Below is a block of records; reproduce all of them exactly and leave out any pictures.

Start of Block

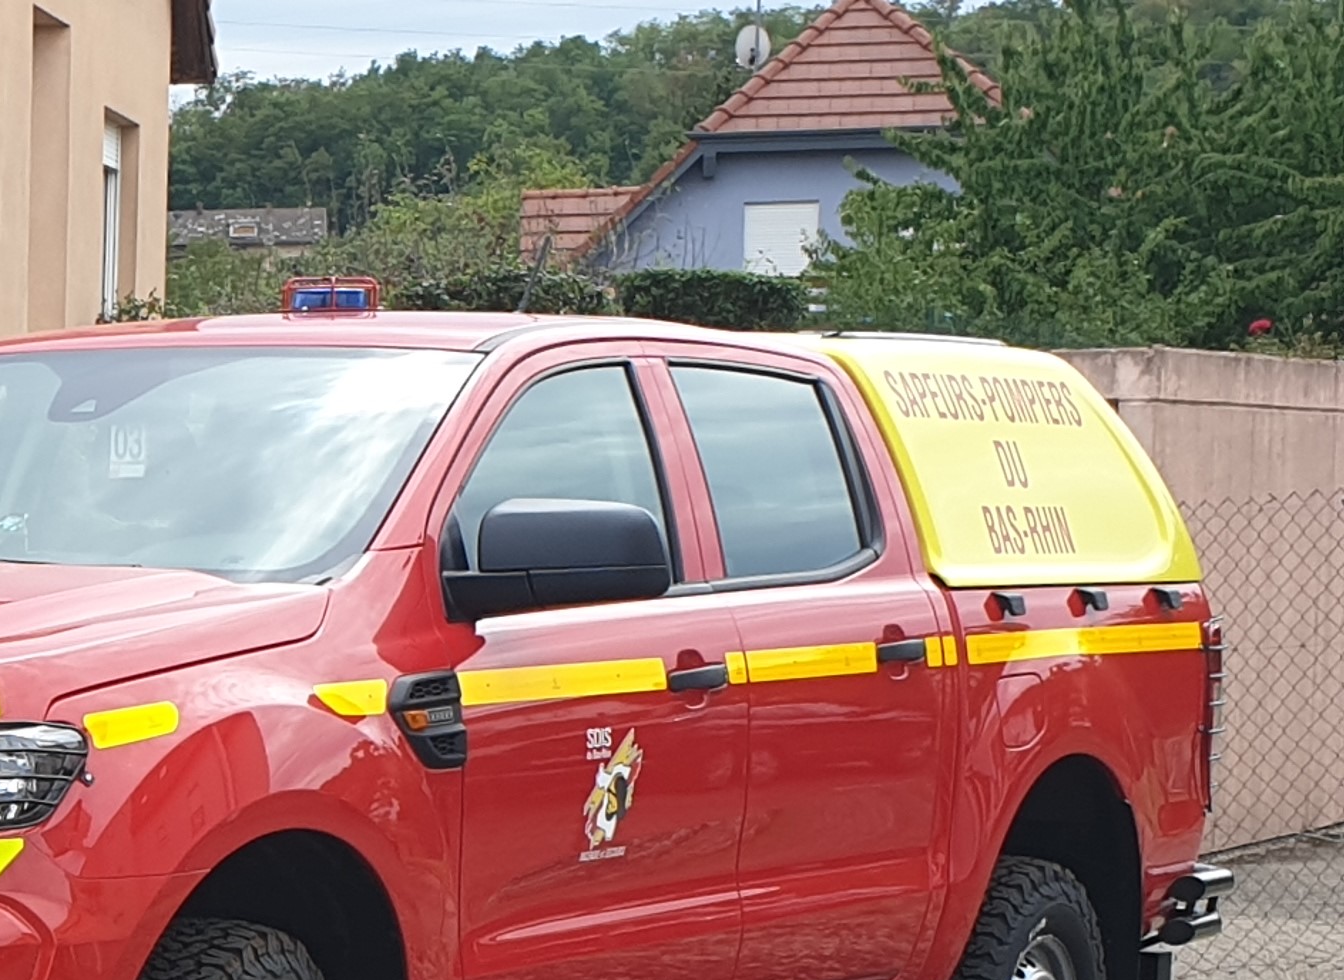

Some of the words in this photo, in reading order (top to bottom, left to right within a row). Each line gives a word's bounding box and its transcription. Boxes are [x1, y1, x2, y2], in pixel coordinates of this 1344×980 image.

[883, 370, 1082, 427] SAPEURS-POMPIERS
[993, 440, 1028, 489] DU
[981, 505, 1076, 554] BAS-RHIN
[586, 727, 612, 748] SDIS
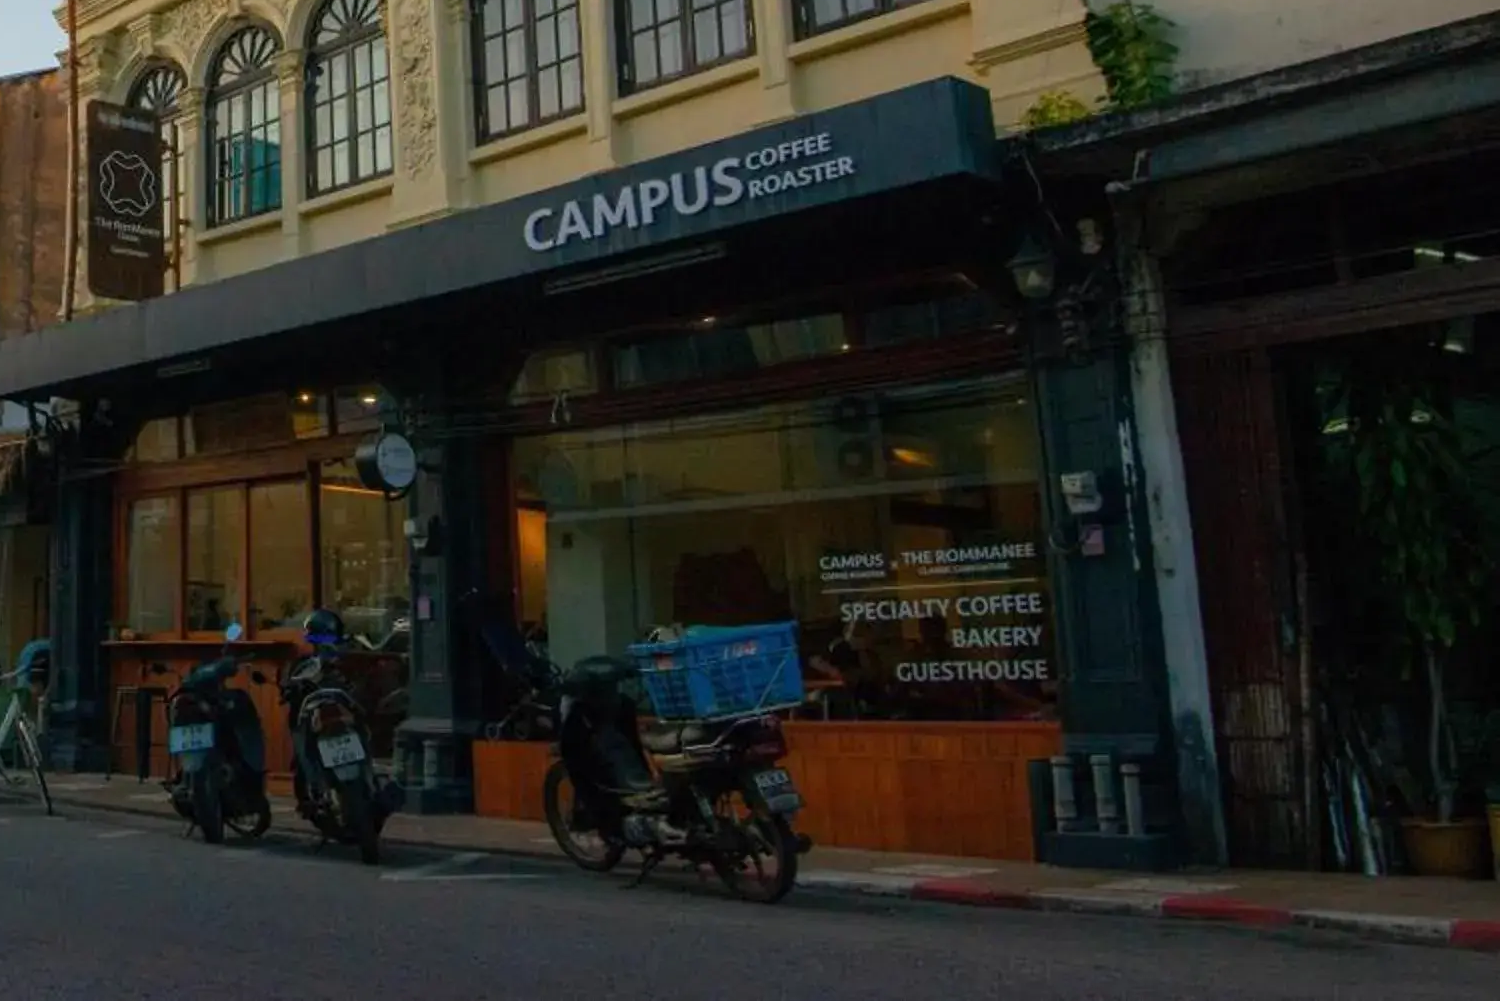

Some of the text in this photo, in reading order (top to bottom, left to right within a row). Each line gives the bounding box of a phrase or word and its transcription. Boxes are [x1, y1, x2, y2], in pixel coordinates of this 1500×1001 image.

End of Block

● Output for this exercise:
Some of the words in this photo, in reading order (top to bottom, left to right within a row). Each line gives a word's bounding box and its transcription. Boxes are [x1, y1, x2, y2], in pixel coordinates of this 1344×980 image.

[883, 370, 1082, 427] SAPEURS-POMPIERS
[993, 440, 1028, 489] DU
[981, 505, 1076, 554] BAS-RHIN
[586, 727, 612, 748] SDIS

Some of the text in this photo, in reading order (top to bottom, left to right within a row). Each line gives the bounding box of a phrase or word and its transcription. Boxes are [x1, y1, x2, y2], in pixel coordinates of this 1500×1001 image.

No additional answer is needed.